Task details:
All records below should be repeated exactly, with the pictures left out.

= Beginning of Section =

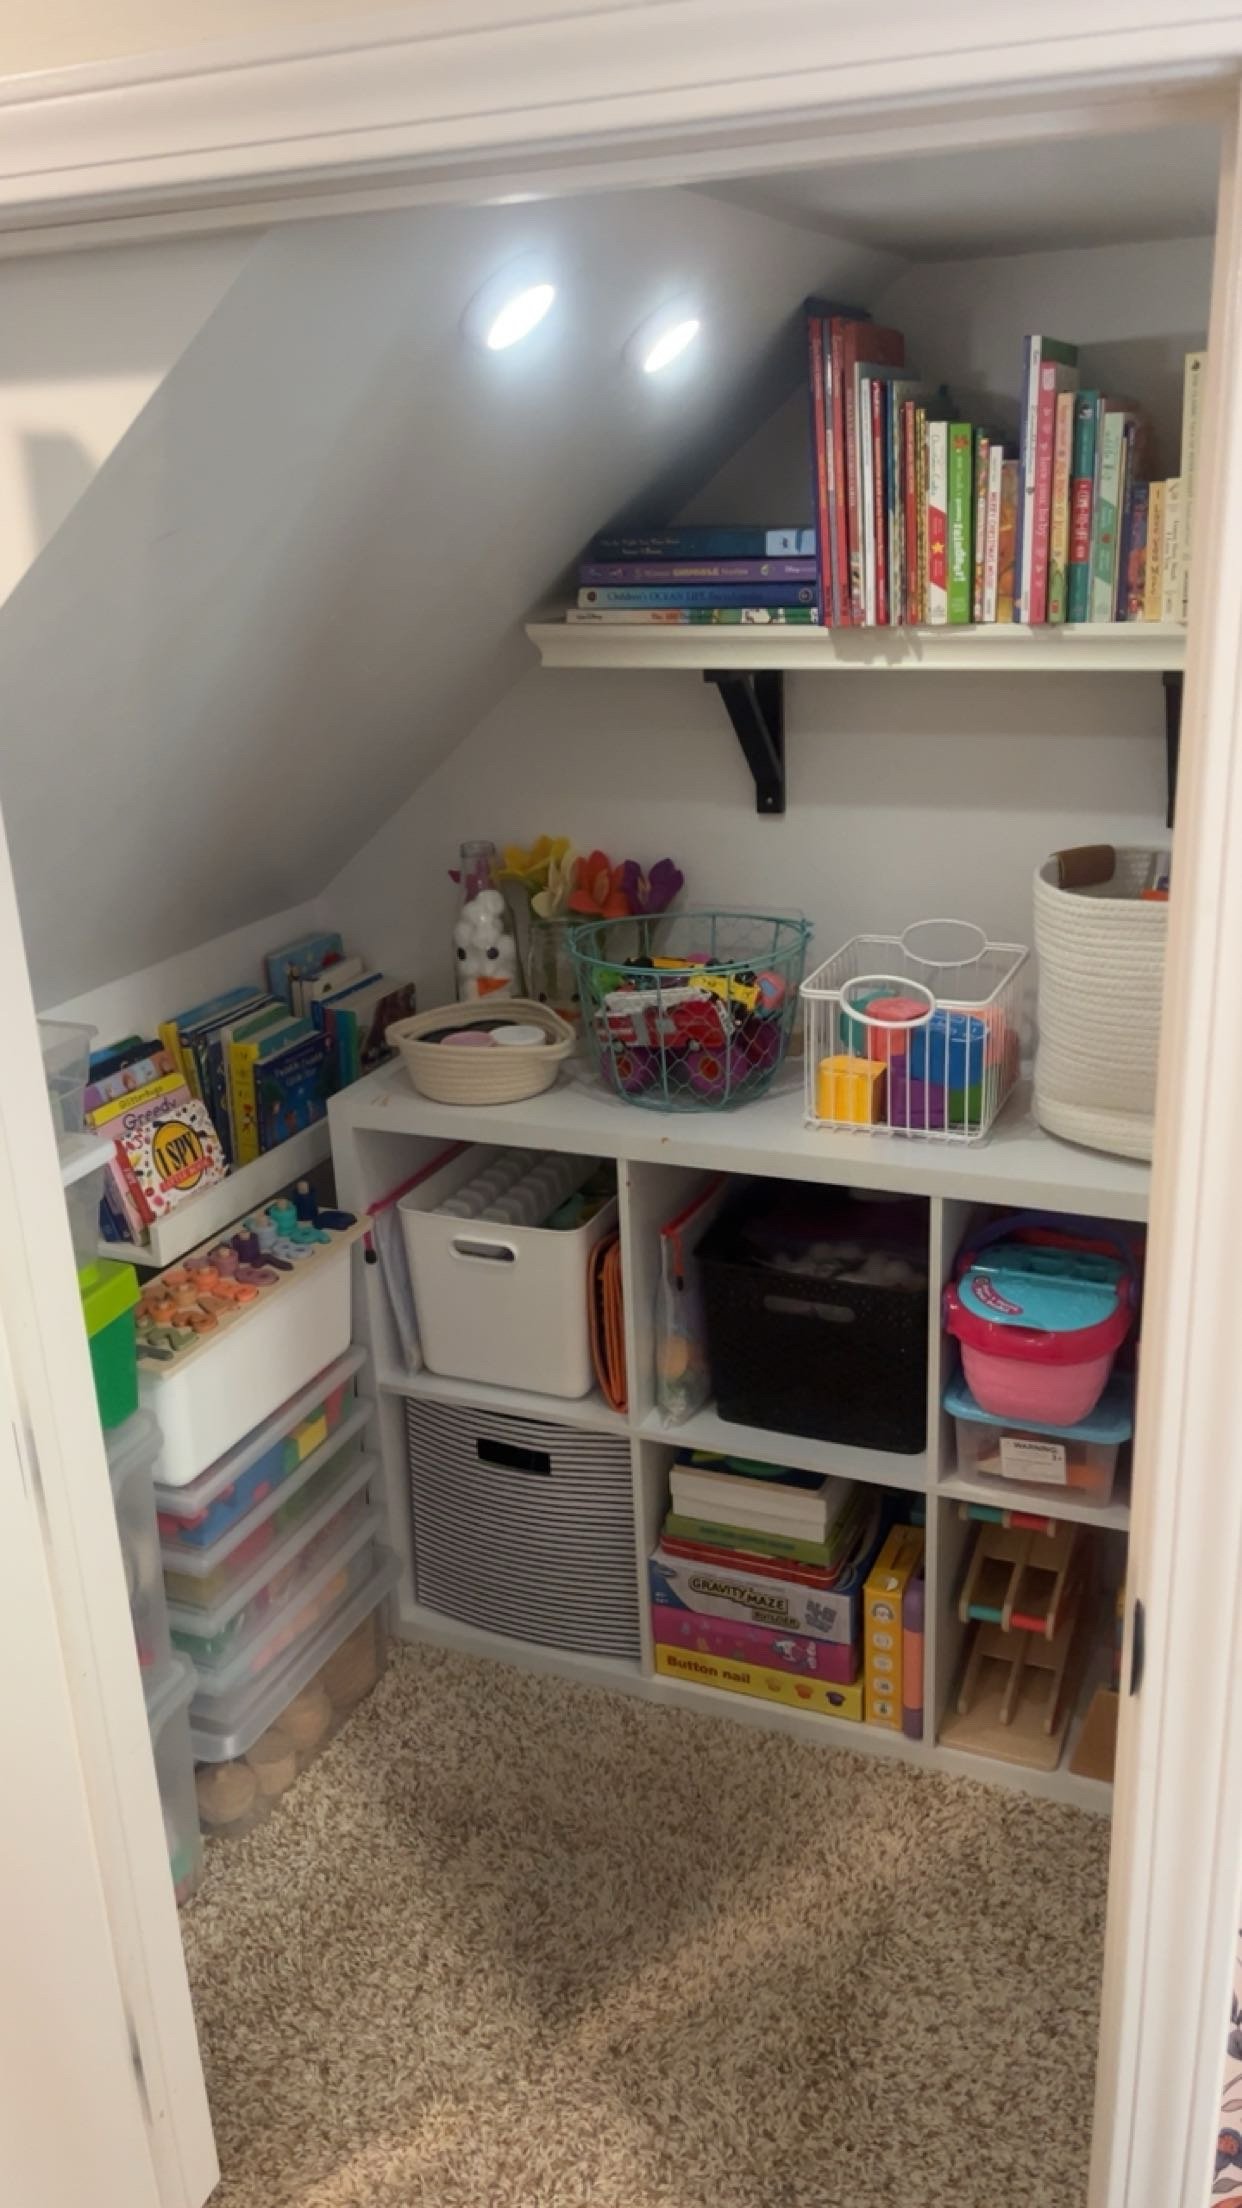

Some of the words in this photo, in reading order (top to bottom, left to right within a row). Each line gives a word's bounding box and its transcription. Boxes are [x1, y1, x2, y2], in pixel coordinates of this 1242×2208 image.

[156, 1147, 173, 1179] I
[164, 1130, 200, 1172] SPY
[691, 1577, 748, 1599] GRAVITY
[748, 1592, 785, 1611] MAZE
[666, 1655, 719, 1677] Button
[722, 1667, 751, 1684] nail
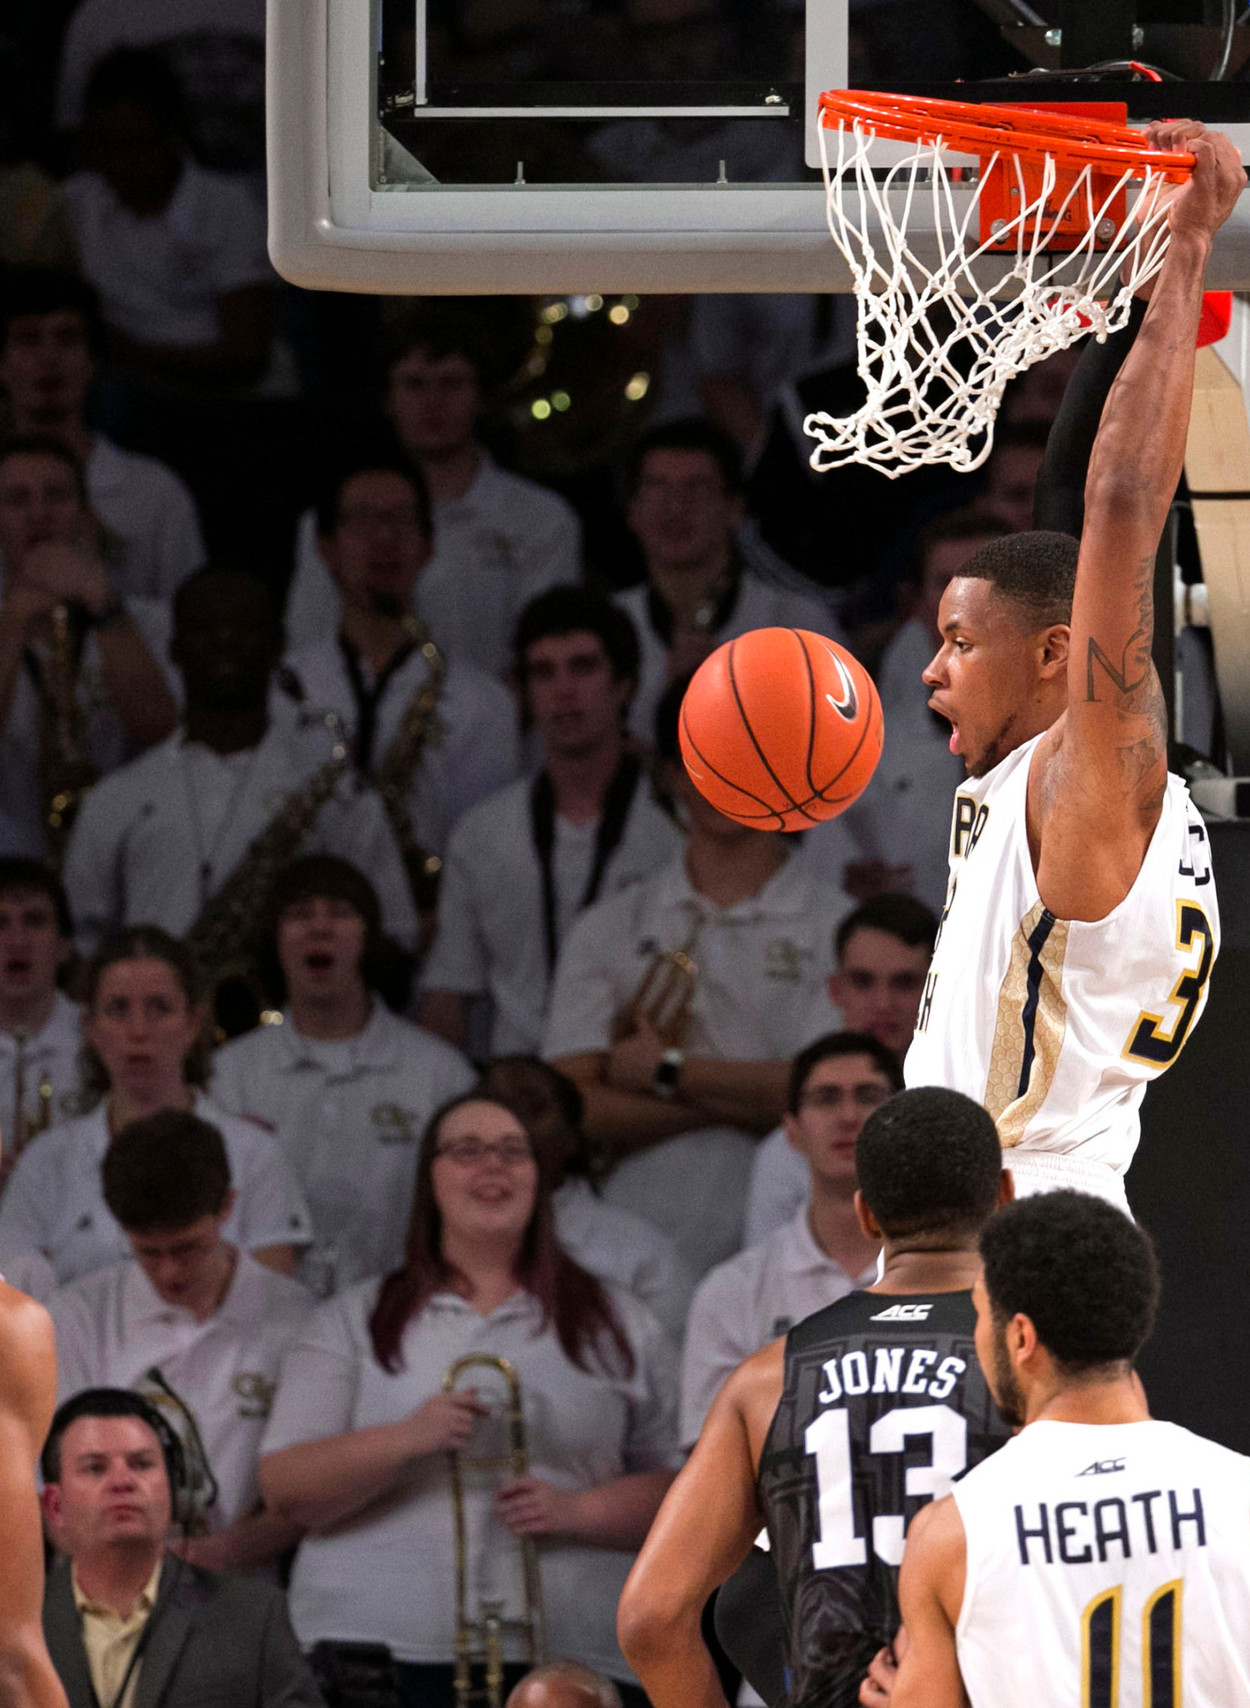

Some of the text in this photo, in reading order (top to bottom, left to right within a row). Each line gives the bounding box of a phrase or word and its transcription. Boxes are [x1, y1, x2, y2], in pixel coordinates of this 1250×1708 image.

= End of Section =

Task answer:
Some of the words in this photo, in reading order (top to bottom, left to right within a row). Each line gives a word's bounding box and its transcription. Boxes are [x1, y1, x2, y2], in pixel coordinates of this 1242×2208 image.

[156, 1147, 173, 1179] I
[164, 1130, 200, 1172] SPY
[691, 1577, 748, 1599] GRAVITY
[748, 1592, 785, 1611] MAZE
[666, 1655, 719, 1677] Button
[722, 1667, 751, 1684] nail

Some of the text in this photo, in reading order (top to bottom, left to right within a row). Each line gives the bounding box of a phrase or word and its transcription. Boxes are [x1, y1, x2, y2], in pixel coordinates of this 1250×1708 image.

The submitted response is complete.